By Suzanne Ruta
My father-in-law, Walther Franke-Ruta, was born in 1890 in Leipzig, Germany, into a family of furriers and musicians. He became a poet, a prolific novelist, and a popular radio playwright and social satirist, although the satire, first to last, was gentle, without acid or bitterness, as if the twentieth century never quite caught up with him or he with it.
And yet he bore the brunt. In November 1914, as a German army infantry recruit, he was badly wounded in the Battle of the Marne. In December 1943, a penniless refugee, he escaped Nazi-occupied Italy into Switzerland with the Gestapo in pursuit. In 1949, when he adapted Dreiser’s American Tragedy for his longtime employer, Radio Basel, he was accused of corrupting Swiss youth with anti-American propaganda. The Cold War campaign against him in the Swiss press provoked a paralyzing flare-up of his shrapnel wounds. Although he lived another nine years, he was never quite himself again.

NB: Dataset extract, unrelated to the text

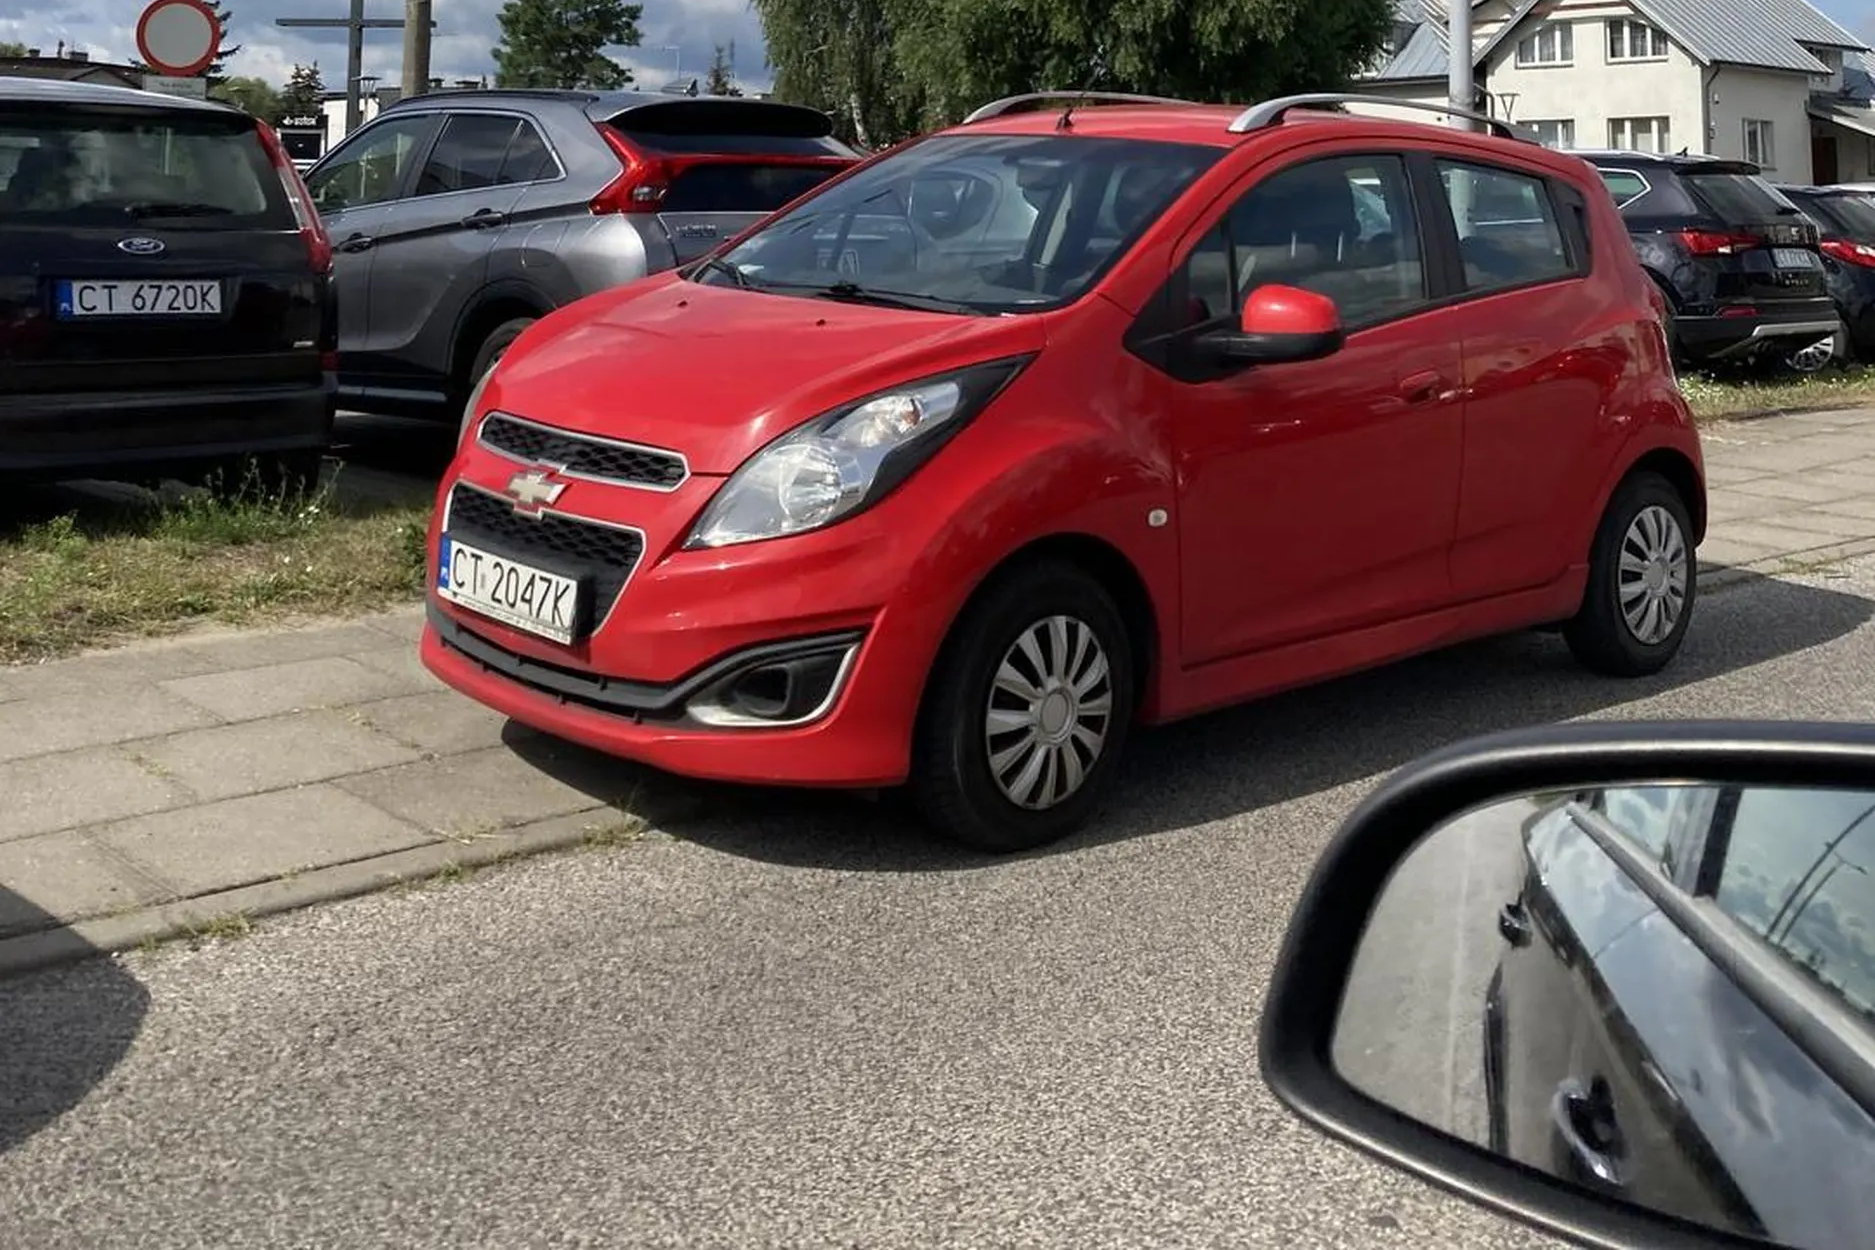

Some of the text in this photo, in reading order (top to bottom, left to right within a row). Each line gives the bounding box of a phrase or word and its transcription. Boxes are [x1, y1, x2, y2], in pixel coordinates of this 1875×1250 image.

He was probably most himself, mild, friendly, a natural optimist, in summer 1911, when, as a doctoral candidate in Romance languages at the University of Leipzig, he went off to France to meet a great man with whom he quickly formed a bond. Frédéric Mistral, Nobel Prize–winning poet and lexicographer, born in 1830, restored the Provençal language to some of its former troubadour glory with his epic poem Mireio (1859) and the Provençal dictionary that was his life’s work. Mistral is also the name of a harsh north wind that blows through southern France in winter, but it was the poet’s real name, cognate, appropriately, with the word master. Franke-Ruta wrote this reminiscence for the Deutsch-Französische Rundschau, a Berlin magazine dedicated to Franco-German friendshisp and supported by eminences such as Gide and Mann that published between 1928 and 1933.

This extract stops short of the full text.